5. A Case Study: The South Kingstown Land Trust

A Practical Tool
ELUs are another arrow in the quiver of characteristics that land trusts and other conservation organizations can use to evaluate potential properties to acquire. There are many potential "values" that can be evaluated and include the presence of rare species, the suitability of habitat for fauna and flora, the presence of wetlands or riparian habitats, cultural features, aesthetics, ground water protection, and potential recreational opportunities such as hiking, paddling, bird-watching, etc. ELUs add another value -- the potential of a property to support diverse or representative ecological communities far into the future. We anticipate that large conservation organizations such as the RI Department of Environmental Management and The Nature Conservancy will include ELUs in their suitability assessments to ensure that a property will support diverse fauna and flora as climate change effects manifest themselves. The purpose of this Case Study is to show how ELU data to be relevant at local scales for land trusts. The South Kingstown Land Trust has partnered with us in this exercise.

Patterns of ELUs
The geography of ELUs in South Kingstown is shown in this map based on the dominant (20 most common) ELUs in RI. Some interesting patterns can be seen. Regions that contain many rare and unusual species of plants and animals in South Kingstown, such as the moraine (Matunuck Hills) and the Great Swamp Management Area are not very diverse with respect to different types of ELUs. This is an important point -- ELUs do not represent rarity, they represent geophysical settings that can support different plant communities. The area east and southeast of Wordens Pond, the Chickasheen Brook area and the Saugatucket River corridor show very complex patterns of ELUs, thus supporting many different species of plants and animals.

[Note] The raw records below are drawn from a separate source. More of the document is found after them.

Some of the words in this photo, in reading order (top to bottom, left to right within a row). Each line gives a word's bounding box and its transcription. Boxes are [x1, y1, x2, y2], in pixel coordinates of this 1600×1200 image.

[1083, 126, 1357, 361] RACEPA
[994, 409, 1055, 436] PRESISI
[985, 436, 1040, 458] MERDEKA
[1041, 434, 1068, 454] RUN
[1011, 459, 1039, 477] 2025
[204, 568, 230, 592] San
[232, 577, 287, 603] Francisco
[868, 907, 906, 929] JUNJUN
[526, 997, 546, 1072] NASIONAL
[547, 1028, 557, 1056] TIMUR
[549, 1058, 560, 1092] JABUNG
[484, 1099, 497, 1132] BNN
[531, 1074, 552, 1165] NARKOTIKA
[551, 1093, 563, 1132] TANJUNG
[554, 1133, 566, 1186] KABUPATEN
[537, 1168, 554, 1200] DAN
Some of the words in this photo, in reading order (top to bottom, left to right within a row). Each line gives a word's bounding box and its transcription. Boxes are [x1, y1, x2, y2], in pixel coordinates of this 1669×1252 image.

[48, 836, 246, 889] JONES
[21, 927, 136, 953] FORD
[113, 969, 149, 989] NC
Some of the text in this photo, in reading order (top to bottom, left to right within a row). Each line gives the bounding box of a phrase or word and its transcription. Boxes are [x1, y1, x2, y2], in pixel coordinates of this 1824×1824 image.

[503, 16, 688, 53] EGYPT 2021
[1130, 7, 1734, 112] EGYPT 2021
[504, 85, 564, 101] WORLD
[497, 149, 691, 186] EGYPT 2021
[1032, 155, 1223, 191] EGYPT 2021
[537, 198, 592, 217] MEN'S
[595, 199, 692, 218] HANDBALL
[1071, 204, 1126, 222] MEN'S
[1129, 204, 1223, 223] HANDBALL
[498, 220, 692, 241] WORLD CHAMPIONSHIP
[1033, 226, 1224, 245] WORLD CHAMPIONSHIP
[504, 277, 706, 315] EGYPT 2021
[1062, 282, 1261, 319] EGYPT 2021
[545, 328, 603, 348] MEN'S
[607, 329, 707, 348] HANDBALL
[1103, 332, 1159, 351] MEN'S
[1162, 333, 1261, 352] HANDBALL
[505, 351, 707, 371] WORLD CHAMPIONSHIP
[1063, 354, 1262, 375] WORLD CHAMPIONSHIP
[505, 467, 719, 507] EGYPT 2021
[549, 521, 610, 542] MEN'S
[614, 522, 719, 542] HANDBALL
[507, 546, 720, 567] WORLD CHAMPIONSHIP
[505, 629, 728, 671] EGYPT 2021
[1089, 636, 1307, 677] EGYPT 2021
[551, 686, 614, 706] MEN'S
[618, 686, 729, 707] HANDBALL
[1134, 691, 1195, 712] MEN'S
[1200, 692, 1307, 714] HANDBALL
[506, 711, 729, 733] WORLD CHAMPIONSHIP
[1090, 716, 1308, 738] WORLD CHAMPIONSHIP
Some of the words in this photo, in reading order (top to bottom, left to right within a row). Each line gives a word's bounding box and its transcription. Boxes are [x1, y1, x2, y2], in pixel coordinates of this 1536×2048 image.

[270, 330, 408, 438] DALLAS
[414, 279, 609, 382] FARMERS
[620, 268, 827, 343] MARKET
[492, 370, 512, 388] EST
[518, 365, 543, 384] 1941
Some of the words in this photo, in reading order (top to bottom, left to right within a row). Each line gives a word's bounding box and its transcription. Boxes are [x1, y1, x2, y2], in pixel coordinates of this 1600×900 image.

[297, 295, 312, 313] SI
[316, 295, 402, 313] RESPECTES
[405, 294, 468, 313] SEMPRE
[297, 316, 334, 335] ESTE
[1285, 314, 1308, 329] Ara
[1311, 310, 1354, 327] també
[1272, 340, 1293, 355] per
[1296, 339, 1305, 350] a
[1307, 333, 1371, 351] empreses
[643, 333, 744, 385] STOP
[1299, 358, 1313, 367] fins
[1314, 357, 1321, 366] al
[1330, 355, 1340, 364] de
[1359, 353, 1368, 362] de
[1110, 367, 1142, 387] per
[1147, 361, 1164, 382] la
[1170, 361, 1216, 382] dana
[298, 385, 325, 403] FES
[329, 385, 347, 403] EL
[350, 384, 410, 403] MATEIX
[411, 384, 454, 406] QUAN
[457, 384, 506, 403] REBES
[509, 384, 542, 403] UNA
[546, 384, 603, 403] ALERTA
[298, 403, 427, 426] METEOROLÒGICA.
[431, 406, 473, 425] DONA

ELU variety is one factor to consider. In this map of the variety of dominant ELUs within 1,500 feet of every location in South Kingstown, we find regions of very high diversity in the central part of the community and the northwest part of South Kingstown. By overlaying the town parcels data, we can identify individual properties with exceptionally high landscape diversity (number of different ELUs within the property). Many parcels stand out as being interesting targets for acquisition.

ELU representation is another factor conservationists might consider. The idea is to ensure that ELUs that are common are protected. In this analysis, we calculated the percent of RI each ELU encompassed. Then we calculated the proportion of conserved lands (obtained from RIGIS database) that each ELU comprised. If an ELU was protected in proportion to its occurrence, the two percentages would be similar. In this map, we show ELUs that are under-represented in RI's portfolio of protected land by at least 3-5% and more than 5%.

ELUs: One of Many Criteria
When evaluating a property for acquisition, the SKLT might consider including ELU variety and ELU representation in their suite of assessment factors. We do not advocate that ELU characteristics be the only factor to consider, but they should be included in an assessment along with another characteristics of a property.